Directions for this task – Below are records to transcribe in full and unchanged; omit every picture.

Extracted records
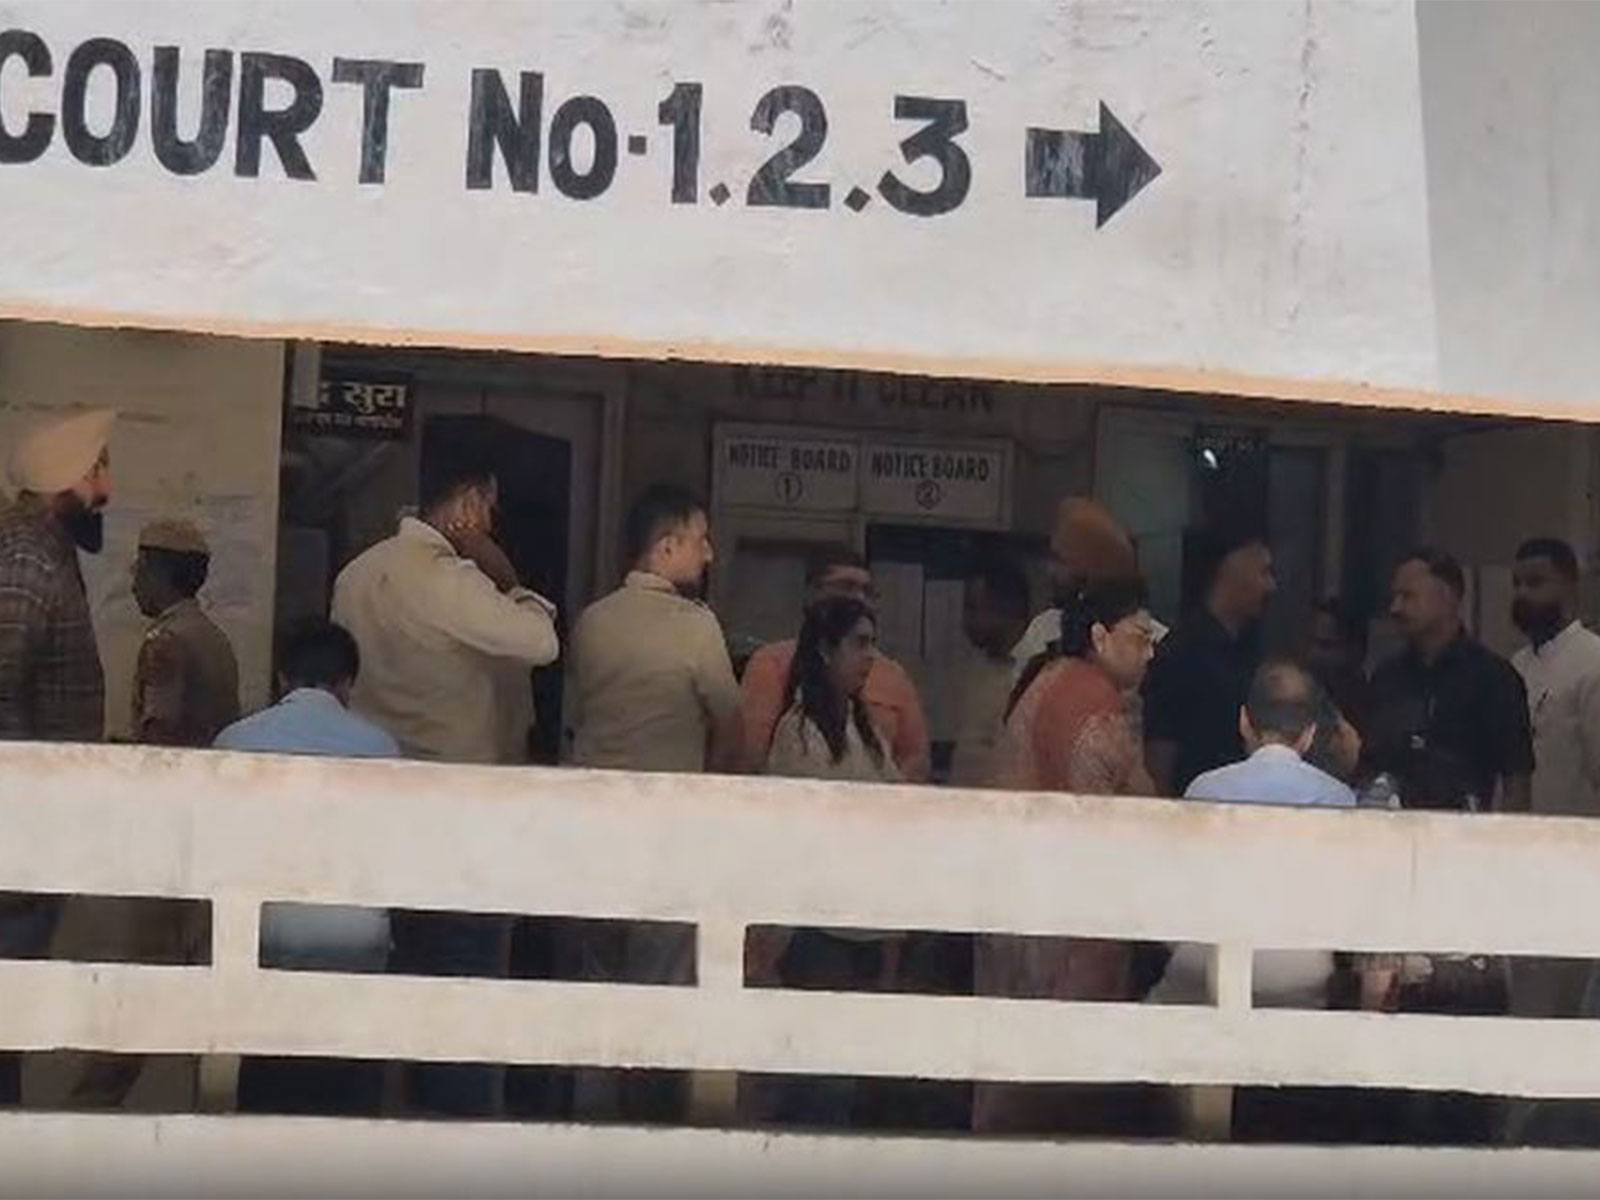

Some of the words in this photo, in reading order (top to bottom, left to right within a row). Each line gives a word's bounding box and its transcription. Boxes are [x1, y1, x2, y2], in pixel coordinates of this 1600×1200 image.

[0, 29, 425, 185] COURT
[729, 445, 779, 470] NOTICE
[790, 448, 851, 473] BOARD
[872, 451, 925, 479] NOTICE
[931, 455, 989, 482] BOARD
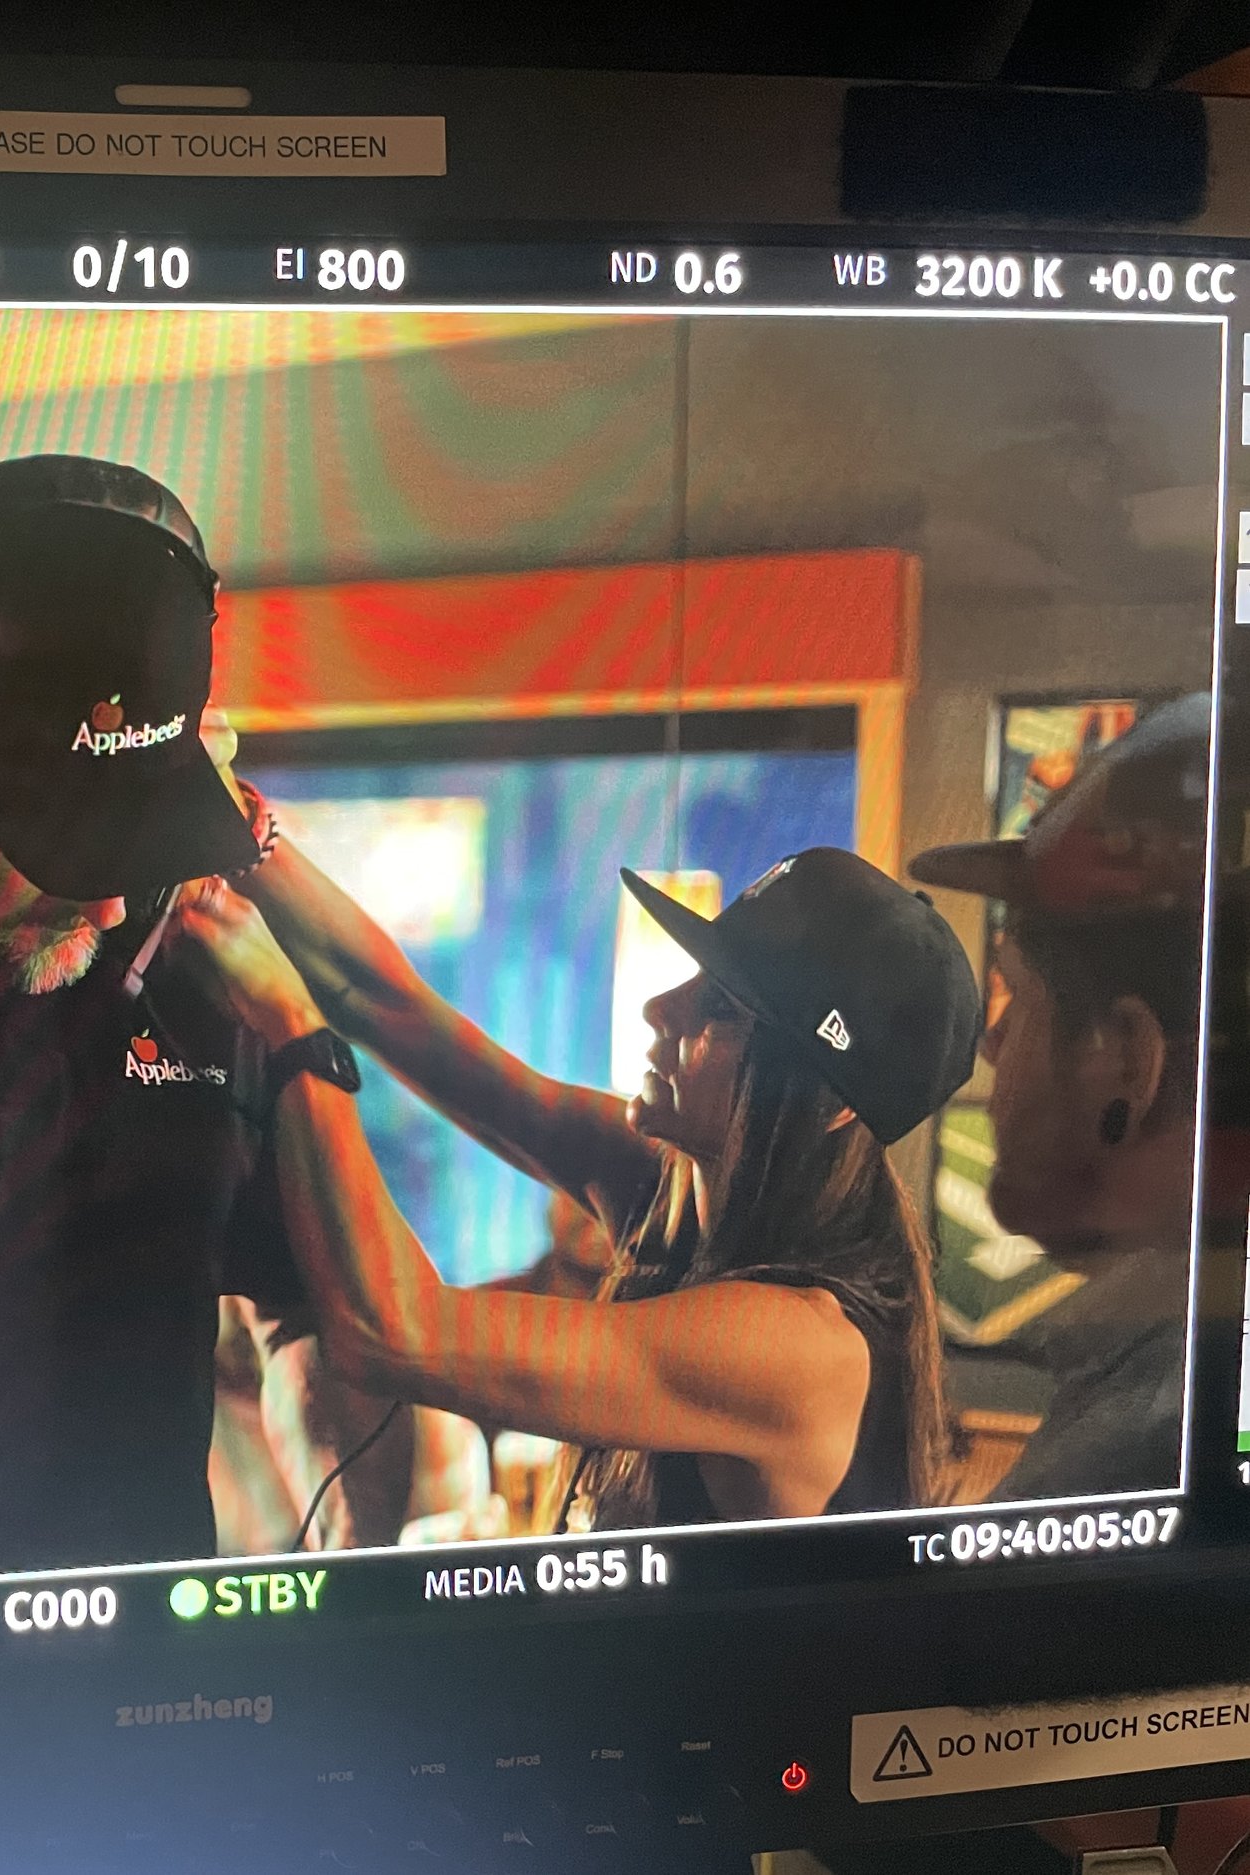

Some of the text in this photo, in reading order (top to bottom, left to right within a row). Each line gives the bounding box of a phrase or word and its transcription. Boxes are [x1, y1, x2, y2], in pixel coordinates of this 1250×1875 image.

[57, 133, 95, 155] DO
[107, 135, 160, 156] NOT
[173, 136, 265, 157] TOUCH
[278, 136, 385, 157] SCREEN
[73, 239, 189, 293] 0/10
[277, 248, 304, 279] EI
[317, 248, 405, 291] 800
[612, 251, 658, 282] ND
[674, 250, 744, 294] 0.6
[834, 253, 888, 285] WB
[915, 254, 1024, 299] 3200
[1033, 256, 1065, 299] K
[1089, 259, 1176, 302] +0.0
[1185, 261, 1238, 305] CC
[213, 1570, 327, 1616] STBY
[425, 1565, 525, 1600] MEDIA
[537, 1549, 628, 1593] 0:55
[642, 1544, 668, 1585] h
[908, 1534, 945, 1562] TC
[950, 1507, 1179, 1561] 09:40:05:07
[116, 1694, 272, 1726] zunzheng
[939, 1705, 1248, 1757] DO NOT TOUCH SCREEN
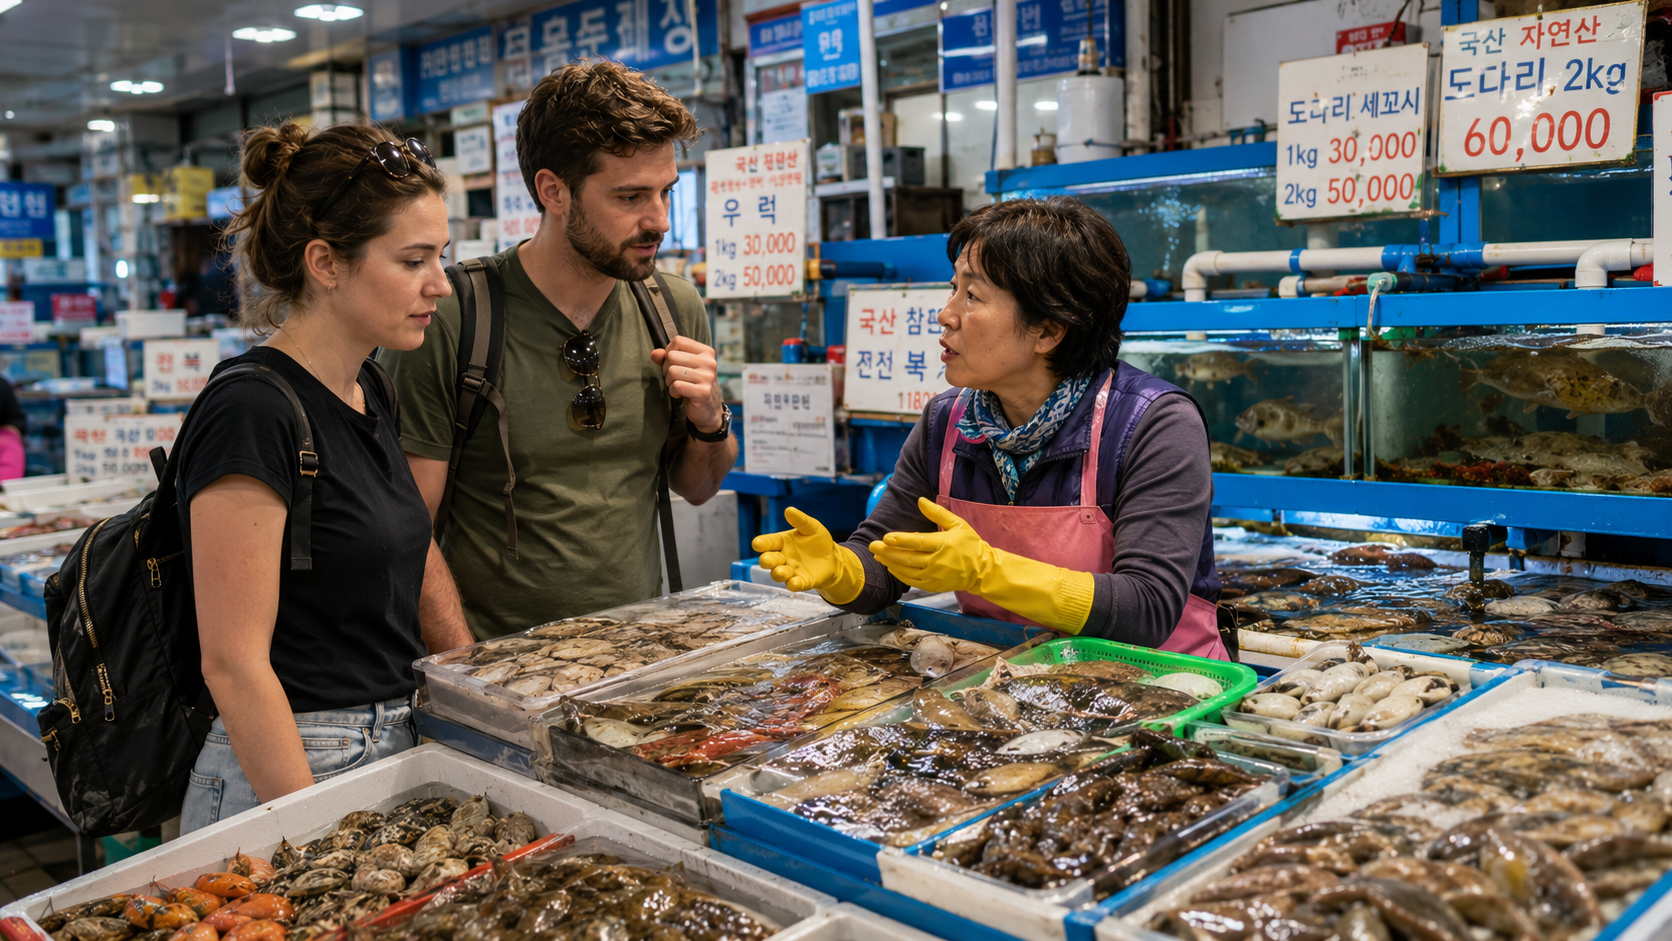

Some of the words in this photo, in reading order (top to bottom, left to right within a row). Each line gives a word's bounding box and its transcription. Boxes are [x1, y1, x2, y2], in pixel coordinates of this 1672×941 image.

[1459, 27, 1506, 55] 국산
[1520, 15, 1601, 49] 자연산
[1445, 57, 1546, 101] 도다리
[1563, 57, 1627, 95] 2kg
[1286, 144, 1318, 169] 1kg
[1328, 131, 1417, 167] 30,000
[1464, 108, 1611, 162] 60,000
[1284, 183, 1317, 208] 2kg
[1327, 173, 1415, 208] 50,000
[715, 239, 737, 260] 1kg
[743, 232, 796, 258] 30,000
[714, 269, 737, 291] 2kg
[743, 264, 796, 290] 50,000
[859, 307, 897, 336] 국산
[904, 351, 928, 383] 복
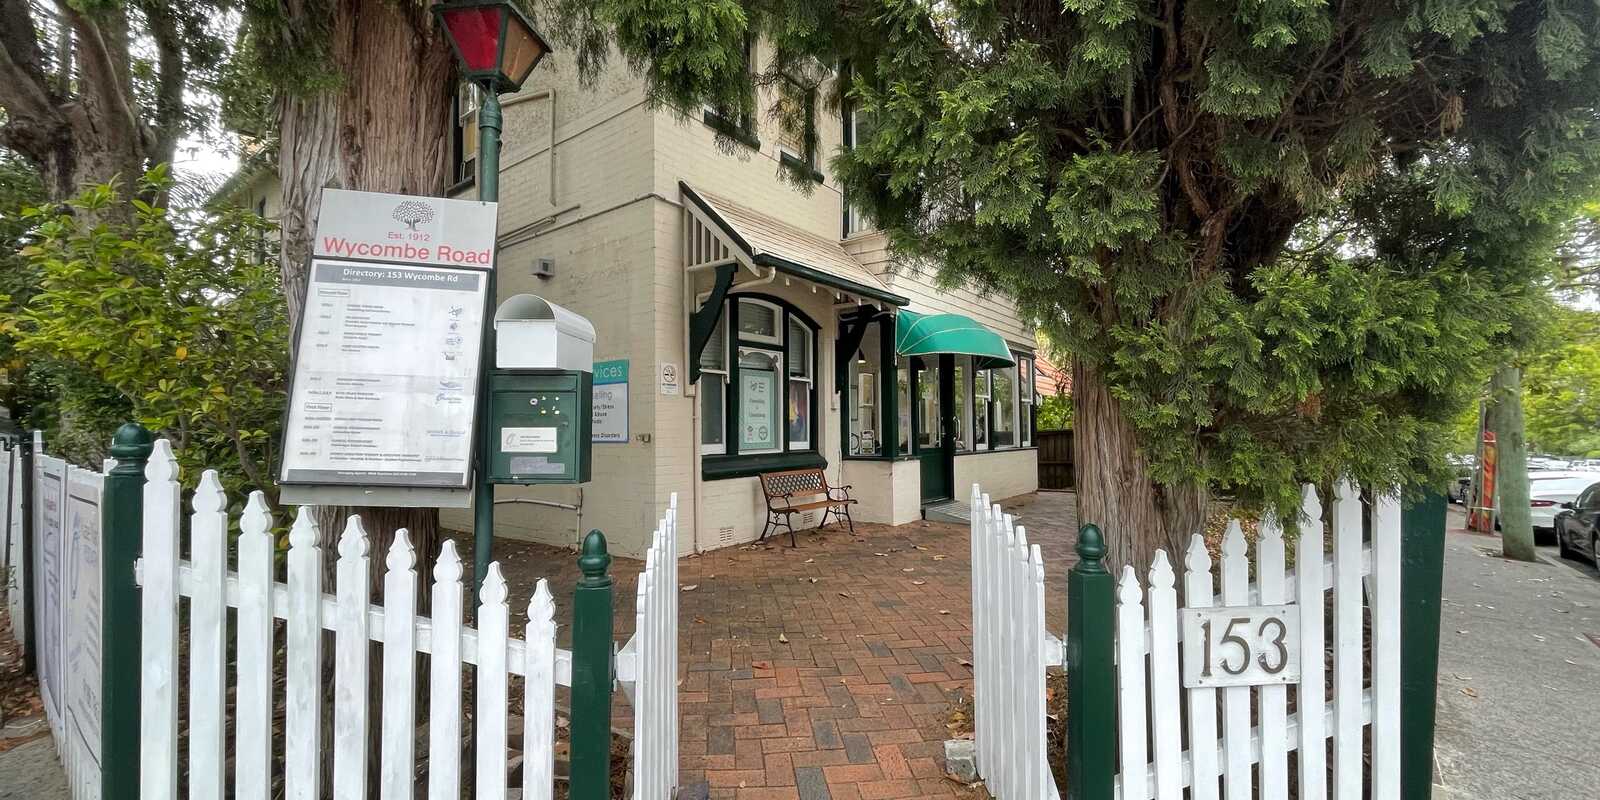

Written answer –
Some of the words in this photo, in reading order (top to bottom, left to right within a row). Each line gives a word's bounding box and its transcription. Boxes are [x1, y1, x2, y2], in pixel coordinates of this 1600×1200 image.

[0, 29, 425, 185] COURT
[729, 445, 779, 470] NOTICE
[790, 448, 851, 473] BOARD
[872, 451, 925, 479] NOTICE
[931, 455, 989, 482] BOARD

Some of the text in this photo, in reading order (top to bottom, left to right within a row). Each line gives the bounding box of a phrase or word and its transcription. Boxes are [x1, y1, x2, y2], in pixel coordinates of this 1250×1875 image.

[57, 133, 95, 155] DO
[107, 135, 160, 156] NOT
[173, 136, 265, 157] TOUCH
[278, 136, 385, 157] SCREEN
[73, 239, 189, 293] 0/10
[277, 248, 304, 279] EI
[317, 248, 405, 291] 800
[612, 251, 658, 282] ND
[674, 250, 744, 294] 0.6
[834, 253, 888, 285] WB
[915, 254, 1024, 299] 3200
[1033, 256, 1065, 299] K
[1089, 259, 1176, 302] +0.0
[1185, 261, 1238, 305] CC
[213, 1570, 327, 1616] STBY
[425, 1565, 525, 1600] MEDIA
[537, 1549, 628, 1593] 0:55
[642, 1544, 668, 1585] h
[908, 1534, 945, 1562] TC
[950, 1507, 1179, 1561] 09:40:05:07
[116, 1694, 272, 1726] zunzheng
[939, 1705, 1248, 1757] DO NOT TOUCH SCREEN

Some of the words in this photo, in reading order (top to bottom, left to right within a row). Each line gives a word's bounding box and its transcription. Boxes are [x1, y1, x2, y2], in pixel coordinates of this 1672×941 image.

[1459, 27, 1506, 55] 국산
[1520, 15, 1601, 49] 자연산
[1445, 57, 1546, 101] 도다리
[1563, 57, 1627, 95] 2kg
[1286, 144, 1318, 169] 1kg
[1328, 131, 1417, 167] 30,000
[1464, 108, 1611, 162] 60,000
[1284, 183, 1317, 208] 2kg
[1327, 173, 1415, 208] 50,000
[715, 239, 737, 260] 1kg
[743, 232, 796, 258] 30,000
[714, 269, 737, 291] 2kg
[743, 264, 796, 290] 50,000
[859, 307, 897, 336] 국산
[904, 351, 928, 383] 복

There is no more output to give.